SUPPLIED ENTRIES:
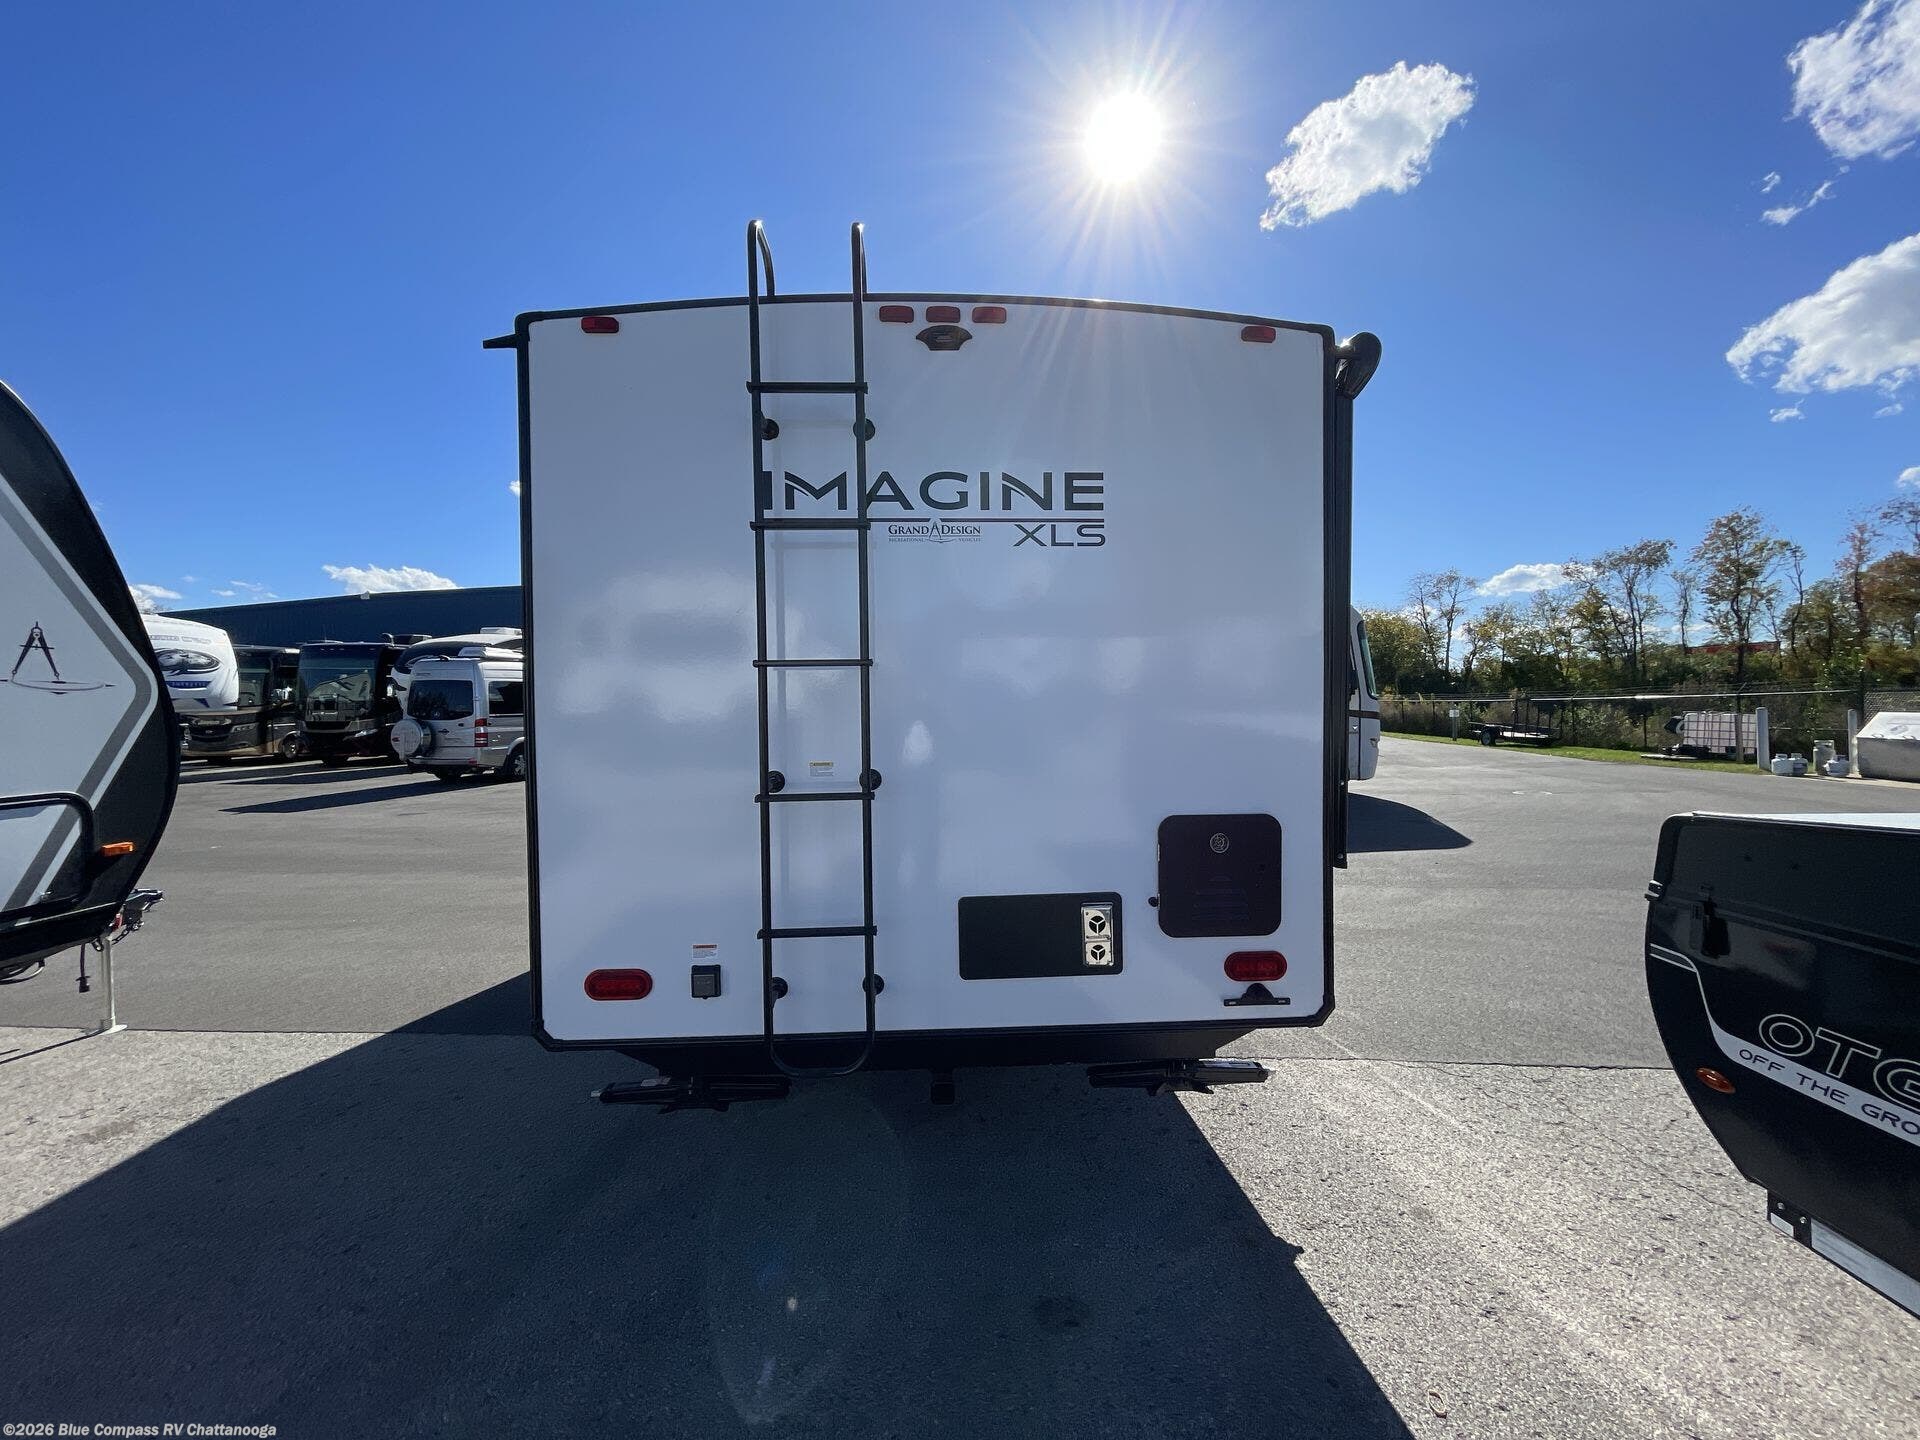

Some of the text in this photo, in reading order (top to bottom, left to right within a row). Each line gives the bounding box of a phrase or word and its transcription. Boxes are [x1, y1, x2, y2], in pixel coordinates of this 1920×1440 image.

[761, 471, 1104, 511] IMAGINE
[888, 525, 981, 535] GRAND DESIGN
[1013, 524, 1106, 547] XLS
[1739, 1049, 1785, 1072] OFF
[1796, 1072, 1850, 1105] THE
[1759, 1014, 1920, 1116] OTG
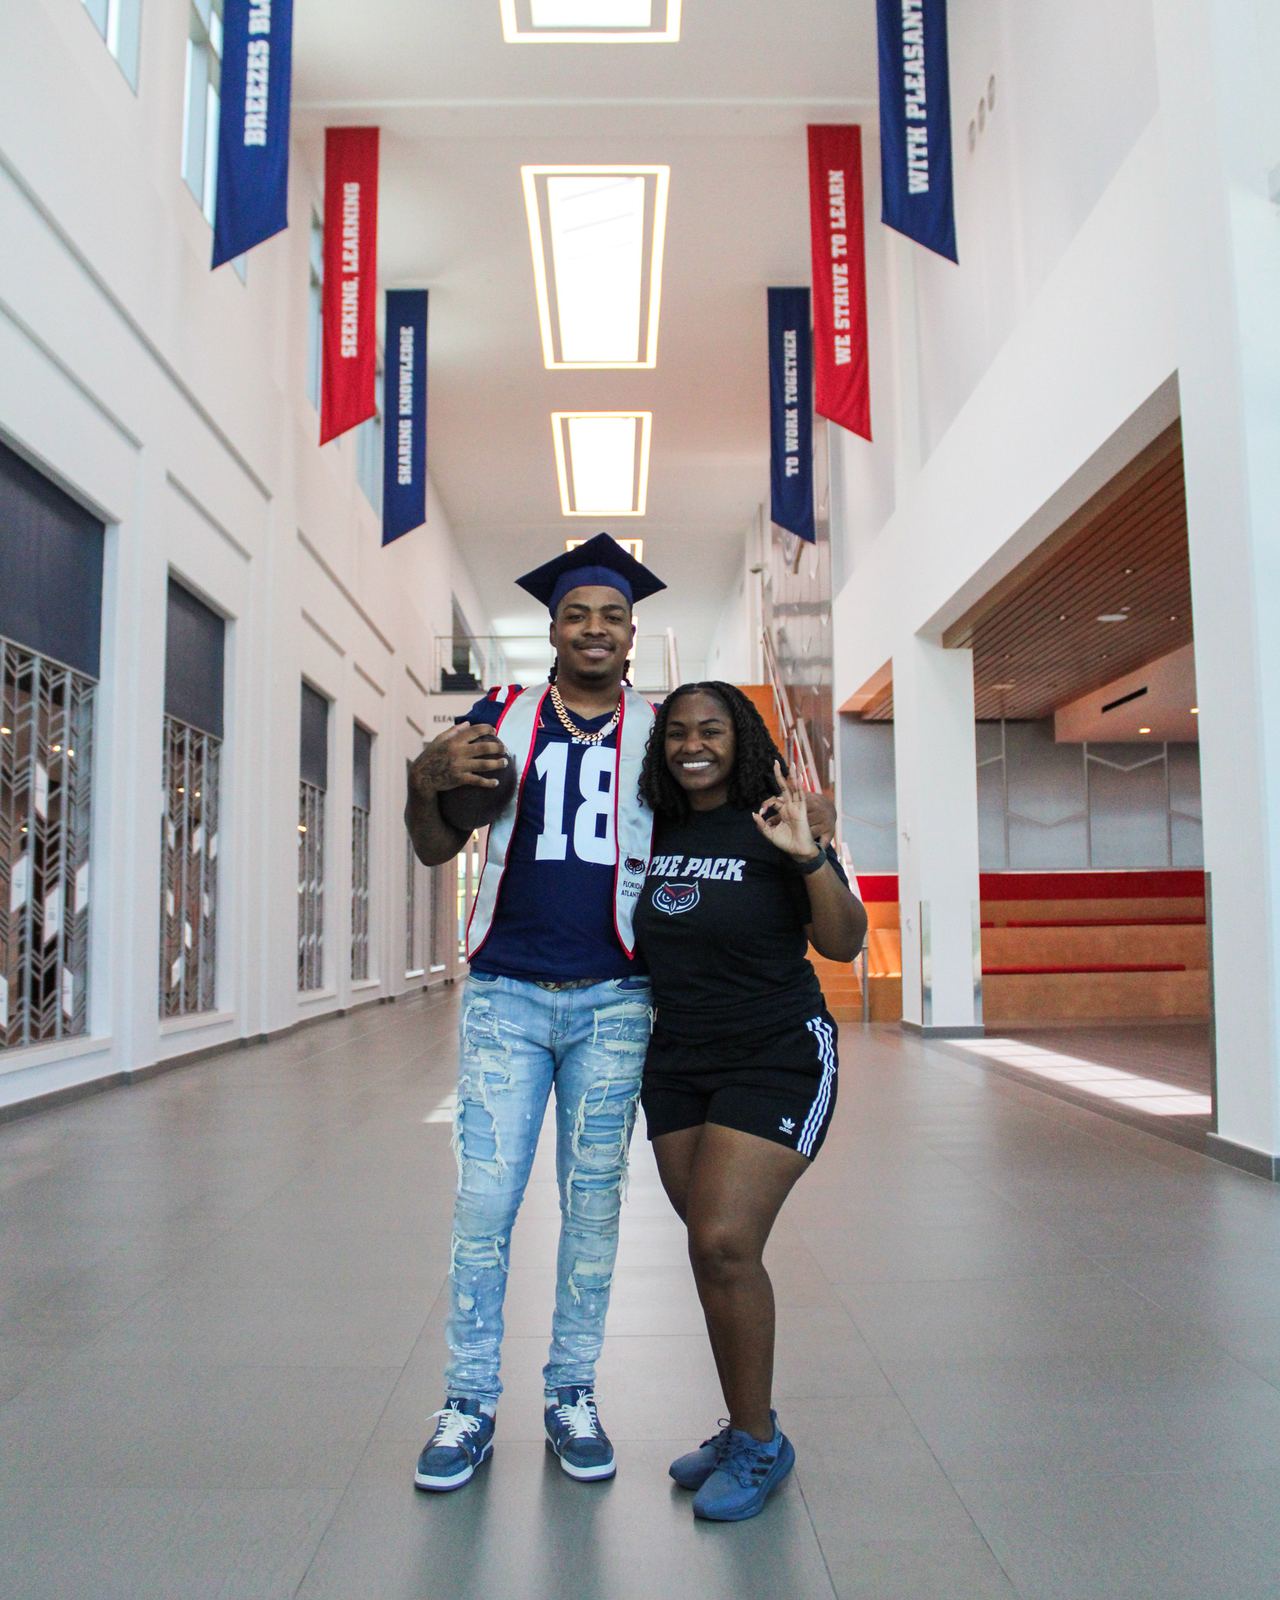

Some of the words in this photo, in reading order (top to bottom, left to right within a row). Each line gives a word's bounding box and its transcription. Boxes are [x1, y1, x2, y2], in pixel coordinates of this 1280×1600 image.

[244, 39, 270, 146] BREEZES
[906, 126, 929, 195] WITH
[342, 182, 360, 273] LEARNING
[828, 170, 846, 229] LEARN
[831, 234, 848, 259] TO
[341, 276, 360, 358] SEEKING,
[832, 263, 850, 330] STRIVE
[399, 325, 415, 415] KNOWLEDGE
[783, 329, 798, 404] TOGETHER
[834, 334, 851, 366] WE
[398, 419, 413, 485] SHARING
[785, 408, 799, 452] WORK
[785, 456, 799, 477] TO
[534, 741, 618, 866] 18
[621, 889, 640, 898] ATLANT
[647, 855, 684, 877] THE
[681, 857, 746, 881] PACK

TASK TO CARRY OUT:
Write the lines out again exactly, beginning at the line that contains "Some of the words" and stopping only at the final line of the listing above.

EXPECTED ANSWER:
Some of the words in this photo, in reading order (top to bottom, left to right within a row). Each line gives a word's bounding box and its transcription. Boxes are [x1, y1, x2, y2], in pixel coordinates of this 1280×1600 image.

[244, 39, 270, 146] BREEZES
[906, 126, 929, 195] WITH
[342, 182, 360, 273] LEARNING
[828, 170, 846, 229] LEARN
[831, 234, 848, 259] TO
[341, 276, 360, 358] SEEKING,
[832, 263, 850, 330] STRIVE
[399, 325, 415, 415] KNOWLEDGE
[783, 329, 798, 404] TOGETHER
[834, 334, 851, 366] WE
[398, 419, 413, 485] SHARING
[785, 408, 799, 452] WORK
[785, 456, 799, 477] TO
[534, 741, 618, 866] 18
[621, 889, 640, 898] ATLANT
[647, 855, 684, 877] THE
[681, 857, 746, 881] PACK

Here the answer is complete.